▶ _RECORDS_:
---
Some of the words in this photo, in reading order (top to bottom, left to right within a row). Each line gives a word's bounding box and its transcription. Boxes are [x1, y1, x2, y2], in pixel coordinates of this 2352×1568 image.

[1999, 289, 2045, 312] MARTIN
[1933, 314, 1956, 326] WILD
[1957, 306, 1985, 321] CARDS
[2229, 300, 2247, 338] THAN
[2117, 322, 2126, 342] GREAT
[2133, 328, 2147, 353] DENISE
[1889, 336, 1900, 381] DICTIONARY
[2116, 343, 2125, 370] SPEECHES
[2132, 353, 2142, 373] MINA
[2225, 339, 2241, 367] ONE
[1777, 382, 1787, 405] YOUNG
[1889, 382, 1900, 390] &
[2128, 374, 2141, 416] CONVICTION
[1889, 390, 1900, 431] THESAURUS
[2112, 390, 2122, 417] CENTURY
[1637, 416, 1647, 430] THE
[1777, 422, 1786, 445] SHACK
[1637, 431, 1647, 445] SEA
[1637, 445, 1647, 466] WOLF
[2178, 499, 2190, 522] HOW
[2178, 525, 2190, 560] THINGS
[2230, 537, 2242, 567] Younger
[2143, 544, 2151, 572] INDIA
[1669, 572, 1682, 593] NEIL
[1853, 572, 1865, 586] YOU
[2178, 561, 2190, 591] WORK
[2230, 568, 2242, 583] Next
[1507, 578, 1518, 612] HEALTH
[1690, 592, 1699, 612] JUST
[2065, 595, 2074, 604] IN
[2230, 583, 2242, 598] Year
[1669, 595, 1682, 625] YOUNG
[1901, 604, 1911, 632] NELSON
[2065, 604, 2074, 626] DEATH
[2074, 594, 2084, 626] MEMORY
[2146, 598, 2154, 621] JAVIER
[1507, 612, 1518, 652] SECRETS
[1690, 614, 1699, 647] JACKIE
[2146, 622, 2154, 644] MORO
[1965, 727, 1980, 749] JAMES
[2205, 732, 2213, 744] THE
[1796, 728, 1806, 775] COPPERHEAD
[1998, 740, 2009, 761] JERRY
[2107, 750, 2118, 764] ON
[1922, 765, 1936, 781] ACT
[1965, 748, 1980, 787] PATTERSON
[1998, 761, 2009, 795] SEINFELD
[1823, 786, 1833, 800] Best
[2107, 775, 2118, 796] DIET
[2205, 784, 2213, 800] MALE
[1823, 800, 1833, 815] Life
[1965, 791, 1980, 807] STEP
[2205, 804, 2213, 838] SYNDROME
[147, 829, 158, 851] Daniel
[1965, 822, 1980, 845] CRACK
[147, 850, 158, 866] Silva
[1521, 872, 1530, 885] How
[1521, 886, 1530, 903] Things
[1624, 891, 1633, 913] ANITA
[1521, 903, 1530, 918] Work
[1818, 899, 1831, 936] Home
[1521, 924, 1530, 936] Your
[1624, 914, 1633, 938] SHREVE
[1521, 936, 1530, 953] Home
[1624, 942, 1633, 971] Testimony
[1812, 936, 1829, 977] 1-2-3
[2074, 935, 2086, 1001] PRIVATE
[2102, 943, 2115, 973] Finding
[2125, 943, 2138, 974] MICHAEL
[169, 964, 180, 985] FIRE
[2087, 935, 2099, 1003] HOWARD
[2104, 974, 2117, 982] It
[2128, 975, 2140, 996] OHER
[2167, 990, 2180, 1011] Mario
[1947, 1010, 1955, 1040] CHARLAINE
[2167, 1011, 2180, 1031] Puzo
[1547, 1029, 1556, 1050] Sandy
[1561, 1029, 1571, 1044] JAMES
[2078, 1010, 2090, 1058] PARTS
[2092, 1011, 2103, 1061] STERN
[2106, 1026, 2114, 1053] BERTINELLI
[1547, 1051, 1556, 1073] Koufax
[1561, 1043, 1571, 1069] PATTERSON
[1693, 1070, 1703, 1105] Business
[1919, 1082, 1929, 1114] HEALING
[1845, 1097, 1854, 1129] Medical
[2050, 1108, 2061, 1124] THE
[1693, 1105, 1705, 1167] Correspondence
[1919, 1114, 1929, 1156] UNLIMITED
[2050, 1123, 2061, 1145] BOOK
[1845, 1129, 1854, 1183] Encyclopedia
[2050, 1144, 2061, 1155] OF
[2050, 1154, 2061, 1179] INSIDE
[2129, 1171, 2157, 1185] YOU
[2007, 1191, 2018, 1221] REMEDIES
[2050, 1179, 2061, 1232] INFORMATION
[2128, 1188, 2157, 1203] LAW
---
▶ _YOUR TASK_:
Your task is to copy each line of the data above that holds "Home".

▶ _EXERCISE RESPONSE_:
[1818, 899, 1831, 936] Home
[1521, 936, 1530, 953] Home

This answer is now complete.